For the past decade, people like me—youngish, urbanish, professionalish—got a sweetheart deal from Uber, the Uber-for-X clones, and that whole mosaic of urban amenities in travel, delivery, food, and retail that vaguely pretended to be tech companies. Almost each time you or I ordered a pizza or hailed a taxi, the company behind that app lost money.
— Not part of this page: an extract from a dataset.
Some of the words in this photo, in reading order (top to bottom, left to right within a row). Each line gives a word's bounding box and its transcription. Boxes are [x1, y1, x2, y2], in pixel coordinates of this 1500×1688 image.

In effect, these start-ups, backed by venture capital, were paying us, the consumers, to buy their products.
It was as if Silicon Valley had made a secret pact to subsidize the lifestyles of urban Millennials.
As if they were being groomed for predation? (the action of attacking or plundering)
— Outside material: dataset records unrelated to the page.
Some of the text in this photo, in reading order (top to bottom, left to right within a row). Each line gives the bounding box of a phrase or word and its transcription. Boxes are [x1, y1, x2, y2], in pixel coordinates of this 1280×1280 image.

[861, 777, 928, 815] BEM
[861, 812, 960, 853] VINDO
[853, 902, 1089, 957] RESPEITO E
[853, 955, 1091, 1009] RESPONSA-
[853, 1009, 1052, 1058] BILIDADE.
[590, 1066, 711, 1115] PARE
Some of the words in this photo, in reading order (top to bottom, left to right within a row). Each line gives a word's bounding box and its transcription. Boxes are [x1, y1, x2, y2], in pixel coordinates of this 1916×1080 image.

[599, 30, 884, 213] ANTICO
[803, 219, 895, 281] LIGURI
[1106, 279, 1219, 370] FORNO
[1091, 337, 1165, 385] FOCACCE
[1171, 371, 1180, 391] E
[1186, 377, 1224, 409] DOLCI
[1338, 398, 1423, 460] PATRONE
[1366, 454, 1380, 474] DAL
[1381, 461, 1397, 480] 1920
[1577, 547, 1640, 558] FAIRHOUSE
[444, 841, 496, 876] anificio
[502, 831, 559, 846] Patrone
As I pointed out three years ago, if you woke up on a Casper mattress, worked out with a Peloton, Ubered to a WeWork, ordered on DoorDash for lunch, took a Lyft home, and ordered dinner through Postmates only to realize your partner had already started on a Blue Apron meal, your household had, in one day, interacted with eight unprofitable companies that collectively lost about $15 billion in one year.
These start-ups weren’t nonprofits, charities, or state-run socialist enterprises. Eventually, they had to do a capitalism and turn a profit. But for years, it made a strange kind of sense for them to not be profitable. (It did? Such a weird thing to say?) With interest rates near zero, many investors were eager to put their money into long-shot bets. If they could get in on the ground floor of the next Amazon, it would be the one-in-a-million bet that covered every other loss. So they encouraged start-up founders to expand aggressively, even if that meant losing a ton of money on new consumers to grow their total user base.
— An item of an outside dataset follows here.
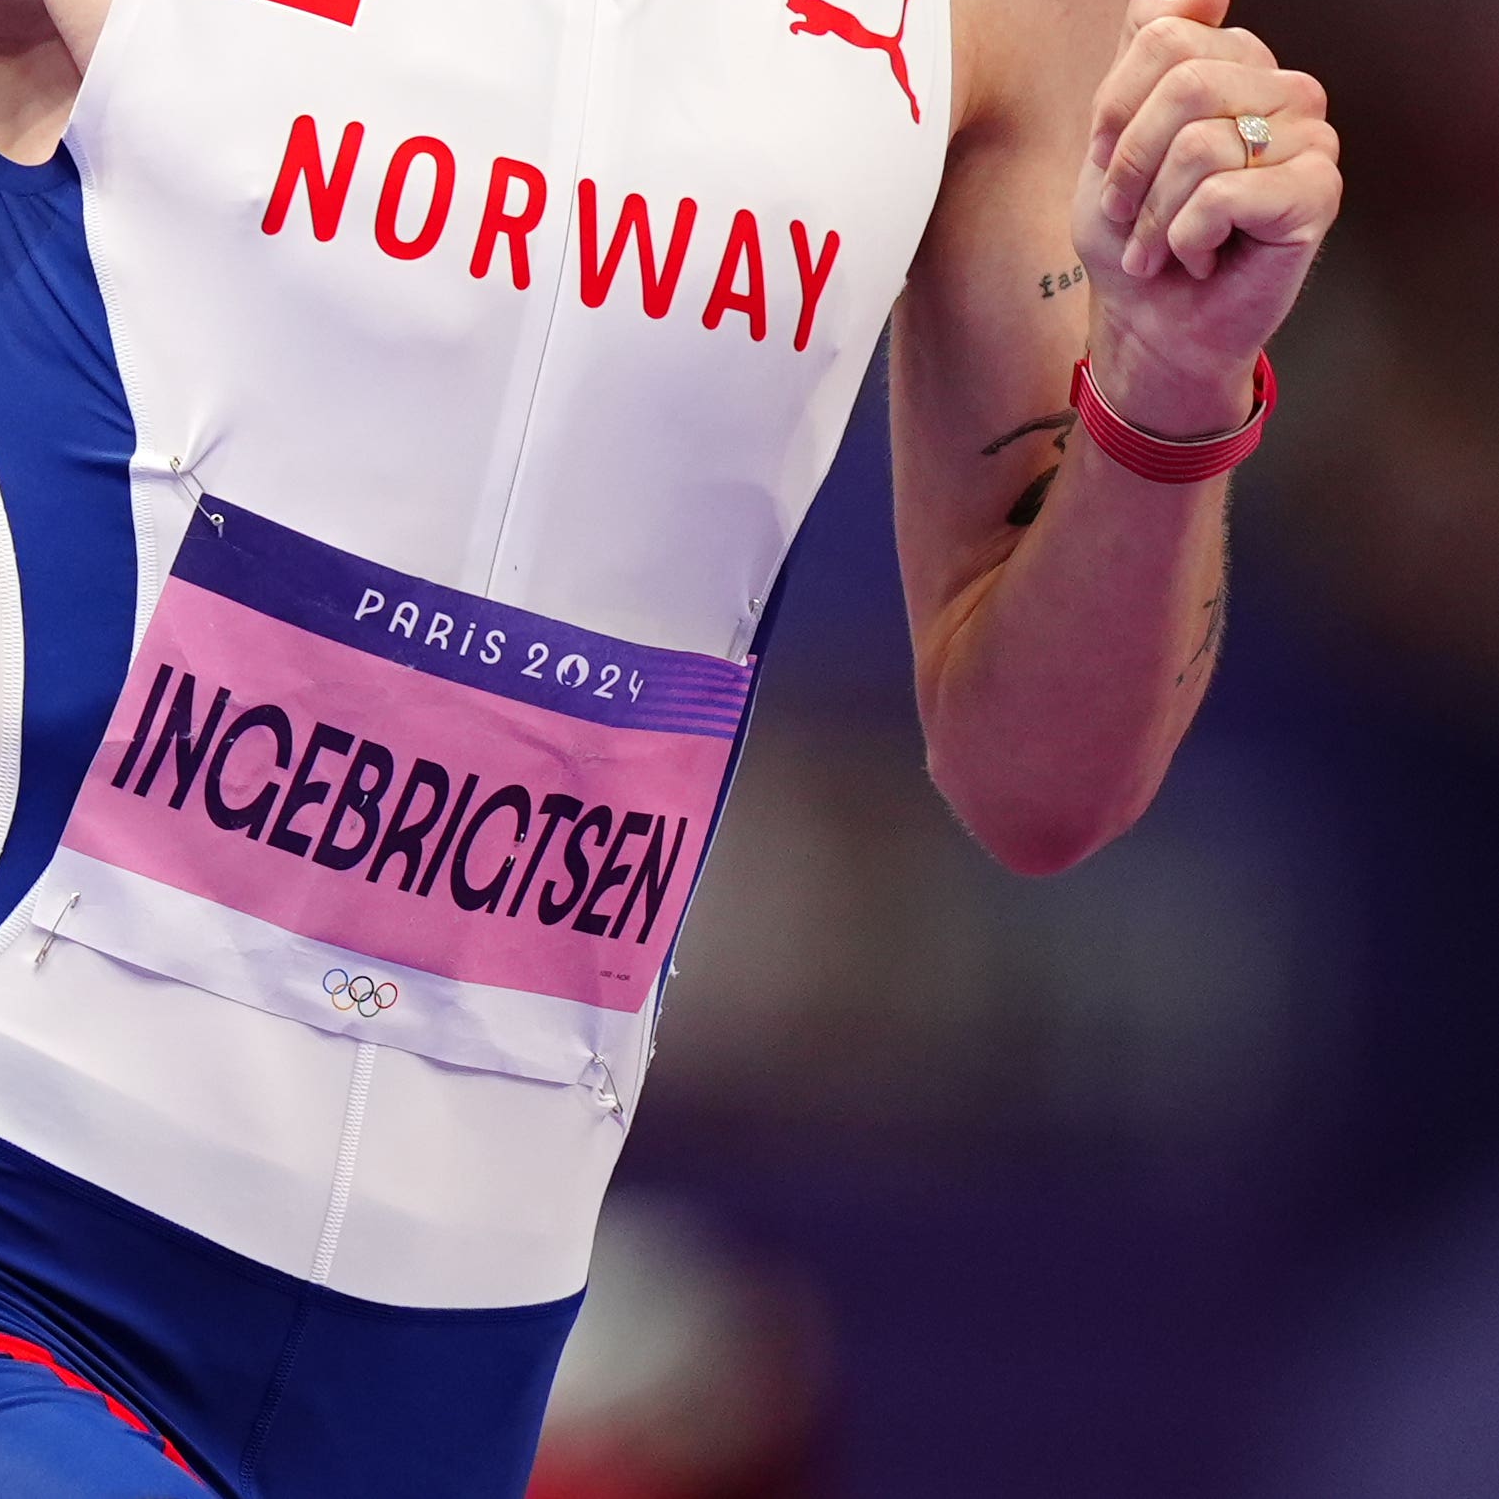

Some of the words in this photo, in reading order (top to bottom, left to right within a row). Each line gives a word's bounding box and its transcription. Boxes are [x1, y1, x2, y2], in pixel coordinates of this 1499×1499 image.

[261, 114, 840, 353] NORWAY
[520, 642, 644, 703] 2024
[110, 663, 689, 945] INGEBRIGTSEN
Consider this simplified example. Let’s say that the ingredient, labor, and transportation costs of a pizza delivery in New York City average $20. If a company charges $25 for the average NYC delivery, it will make a profit. But if a start-up charges $10 for the same thing, it will lose money but get a lot more pizza orders. More pizza orders means more total customers, which means more overall revenue. This arrangement is tailor-made for a low-rate environment, in which investors are attracted to long-term growth more than short-term profit. As long as money was cheap and Silicon Valley told itself the next world-conquering consumer-tech firm was one funding round away, the best way for a start-up to make money from venture capitalists was to lose money acquiring a gazillion customers.
I call this arrangement the Millennial Consumer Subsidy. Now the subsidy is ending. Rising interest rates turned off the spigot for money-losing start-ups, which, combined with energy inflation and rising wages for low-income workers, has forced Uber, Lyft, and all the rest to make their services more expensive. Meanwhile, global supply chains haven’t been able to keep up with domestic consumer demand, which means delivery times for major items like furniture and kitchen equipment have bloomed from “three to five days” to “sometime between this fall and the heat death of the universe.” That means higher prices, higher margins, fewer discounts, and longer wait times for a microgeneration of yuppies used to low prices and instant deliveries. The golden age of bougie on-demand urban-tech discounting has come to a close.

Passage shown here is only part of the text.